BALTIMORE — As we get closer and closer to the start of school, there are still a lot of questions about how virtual learning will work, especially for students with special needs.
For special education law attorney Wayne Steedman and his clients, it’s a pretty dire situation.
Wayne steedman, attorney special education law- "We already know children with disabilities are already behind their non-disabled peers. And the gap is just going to get wider and wider and wider," said Steedman. "Several kids I represent have ended up psychiatrically hospitalized during this time because they don’t have any of the services they were getting before. They don’t have the structure of the school, school does provide a lot of structure, so their behaviors deteriorate. They start becoming self destructive or maybe aggressive towards others."
As schools get ready to start the fall virtually, his families are worried. They’ve seen their children regress with less support and structure and they don't know if their childs' IEP, individualized education program, will be followed, if at all.
"If those IEPs can’t be implemented, which for the most part they can’t, can’t be done virtually, then they aren’t receiving an appropriate education.
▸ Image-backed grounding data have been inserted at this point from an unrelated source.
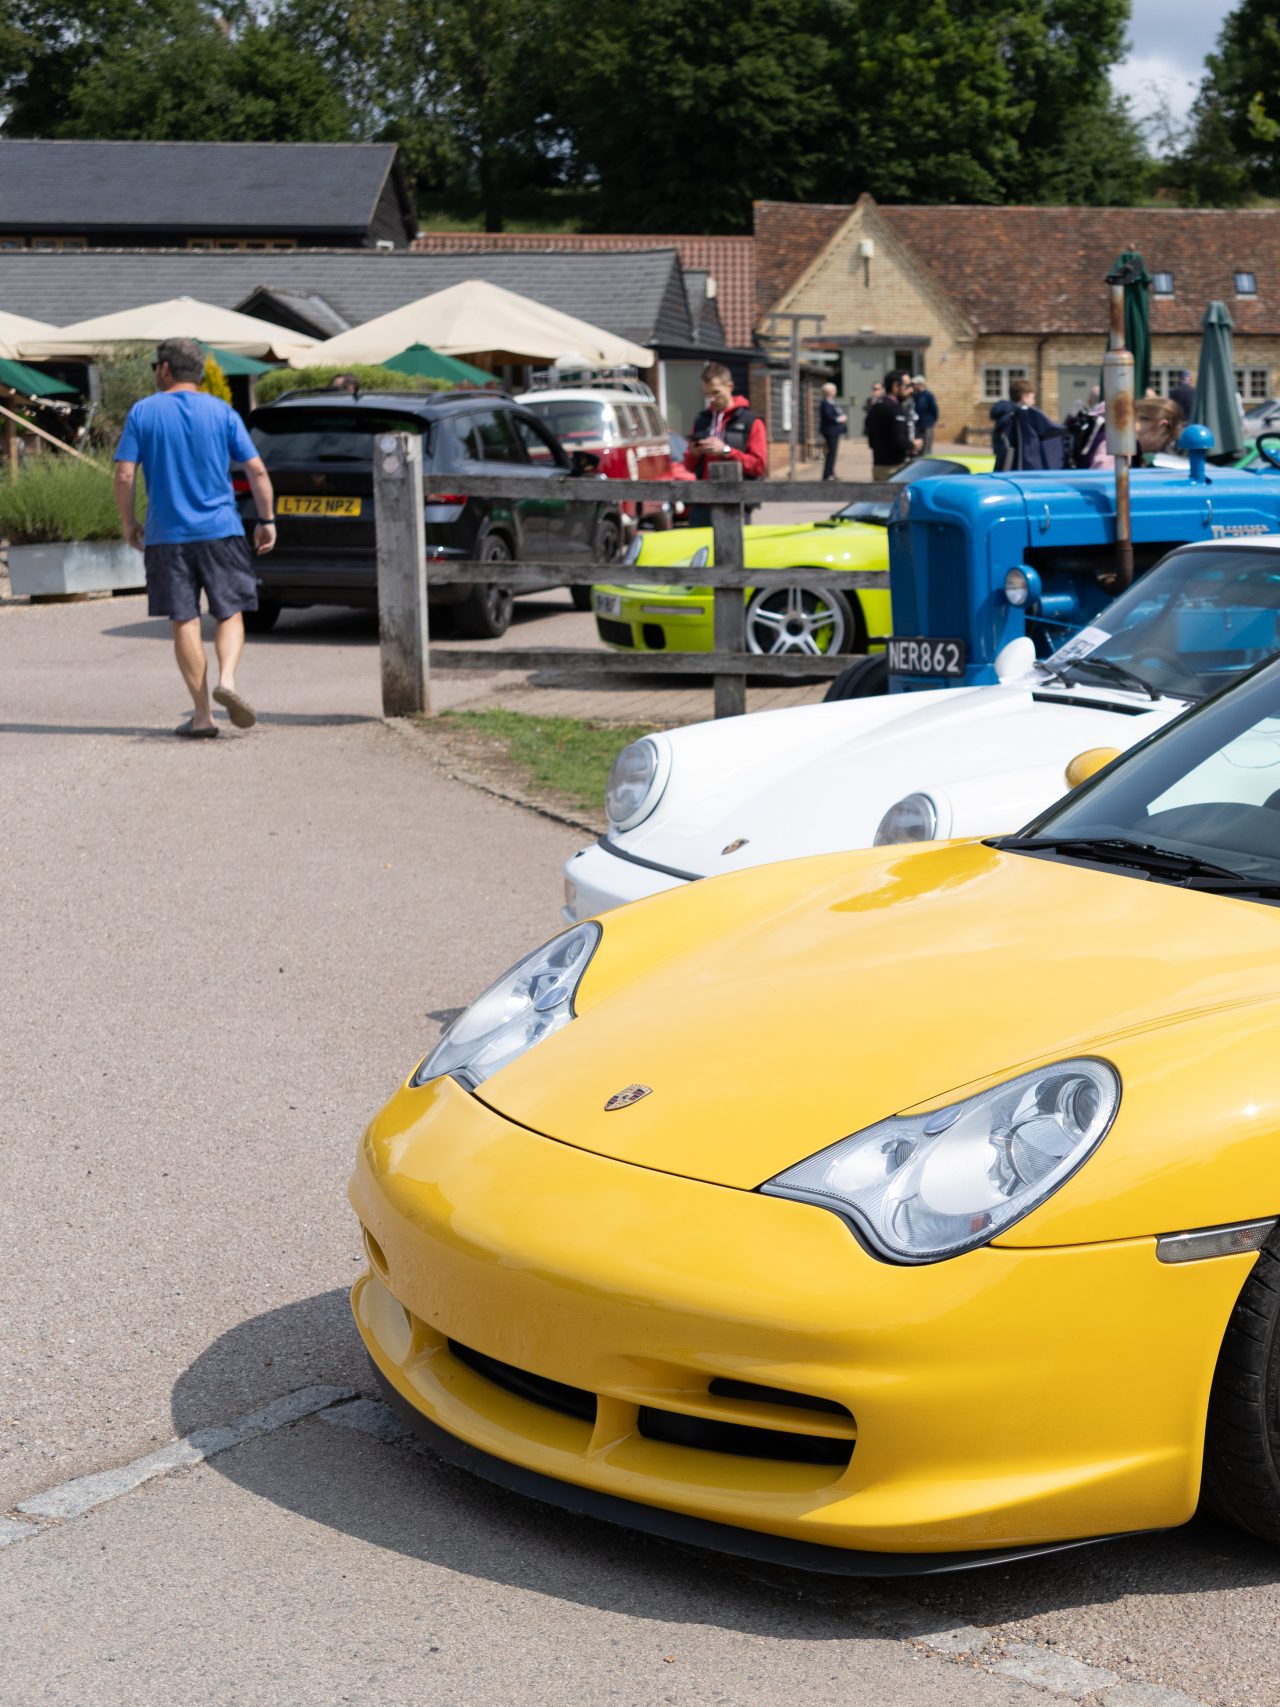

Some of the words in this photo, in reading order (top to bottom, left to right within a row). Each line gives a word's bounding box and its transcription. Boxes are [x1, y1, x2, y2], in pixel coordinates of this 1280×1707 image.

[283, 498, 322, 513] LT72
[325, 499, 355, 513] NPZ
[888, 641, 960, 673] NER862
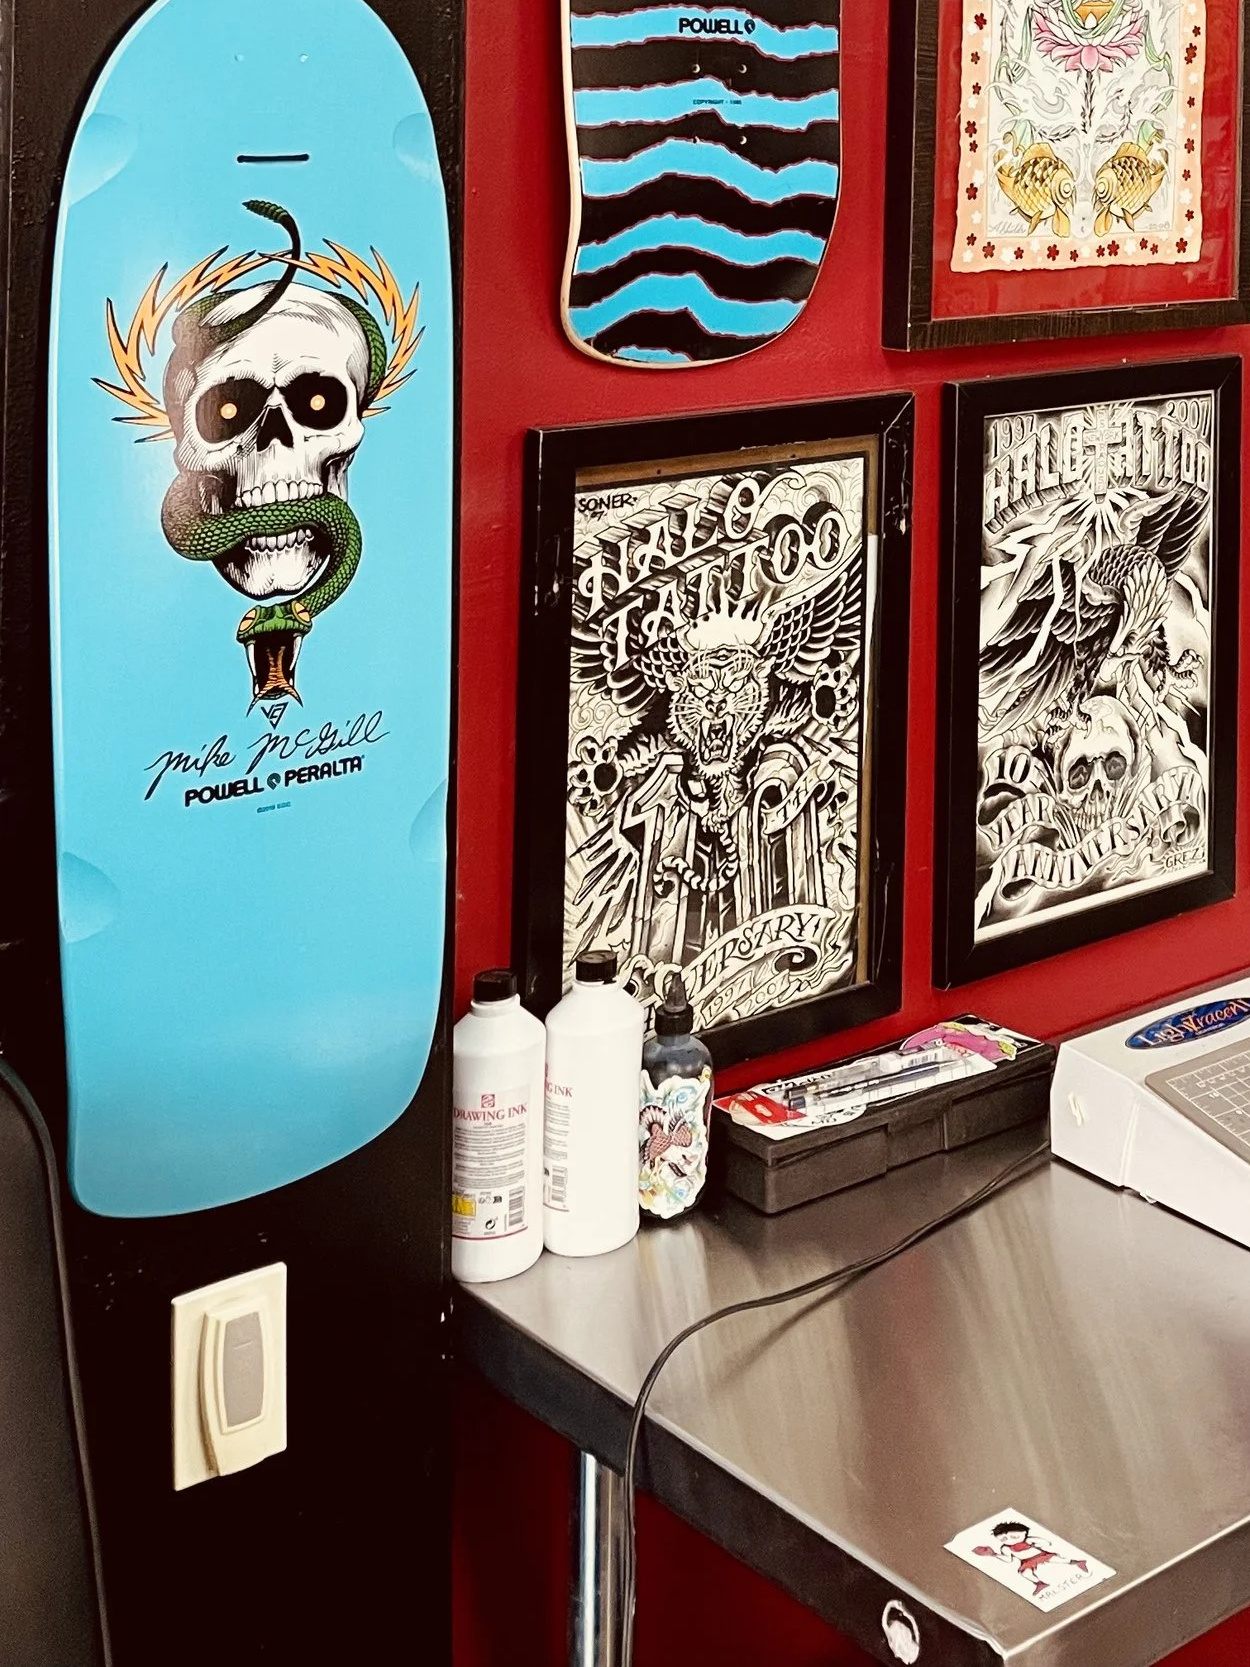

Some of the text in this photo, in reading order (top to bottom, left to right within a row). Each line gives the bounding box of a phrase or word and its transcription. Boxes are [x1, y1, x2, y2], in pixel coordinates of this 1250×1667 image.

[679, 18, 744, 35] POWELL
[991, 400, 1212, 460] 1997 2007
[984, 412, 1086, 528] HALO
[578, 469, 807, 621] HALO
[602, 510, 852, 672] TATTOO
[185, 777, 264, 807] POWELL
[284, 755, 362, 788] PERALTA
[995, 752, 1031, 784] 10
[989, 795, 1052, 846] YEAR
[1013, 772, 1196, 883] ANNIVERSARY!
[454, 1103, 527, 1122] DRAWING INK
[554, 1085, 573, 1098] INK
So some kids are getting nothing. Some of the kids I’m representing are getting nothing and I won’t say it’s because the school aren’t trying. I think the schools have tried but they are limited in what they can do," said Steedman.
Moving into the fall, he’ll work with the schools collaboratively to hold them accountable.
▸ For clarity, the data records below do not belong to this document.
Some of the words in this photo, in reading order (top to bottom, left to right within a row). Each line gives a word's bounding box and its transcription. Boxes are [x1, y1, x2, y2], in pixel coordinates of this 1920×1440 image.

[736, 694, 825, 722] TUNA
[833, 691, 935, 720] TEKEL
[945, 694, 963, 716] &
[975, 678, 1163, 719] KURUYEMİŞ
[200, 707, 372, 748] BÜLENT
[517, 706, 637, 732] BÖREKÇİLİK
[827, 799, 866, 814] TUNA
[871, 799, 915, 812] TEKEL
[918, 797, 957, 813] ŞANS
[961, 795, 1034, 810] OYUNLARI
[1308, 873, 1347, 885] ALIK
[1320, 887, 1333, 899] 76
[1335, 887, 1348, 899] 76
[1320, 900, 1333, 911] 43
"If there’s a problem, we are going to, instead of filing a lawsuit, we’re gonna say lets meet. We will have a meeting to discuss the childs' IEP and what's being done and what isn’t being done and what we can do to fix that," said Steedman.
Those meetings will be held virtually, one good thing that came out of the pandemic he said. He hopes virtual IEP meetings continue to be an option because it’s more convenient for his families.
"These IEP meetings are always held in the middle of the day and people have to take off work. And if they can maybe take an hour from their lunch break or some other kind of break, they don’t have to miss work. They don’t have to take half a day off or a whole day off," said Steedman.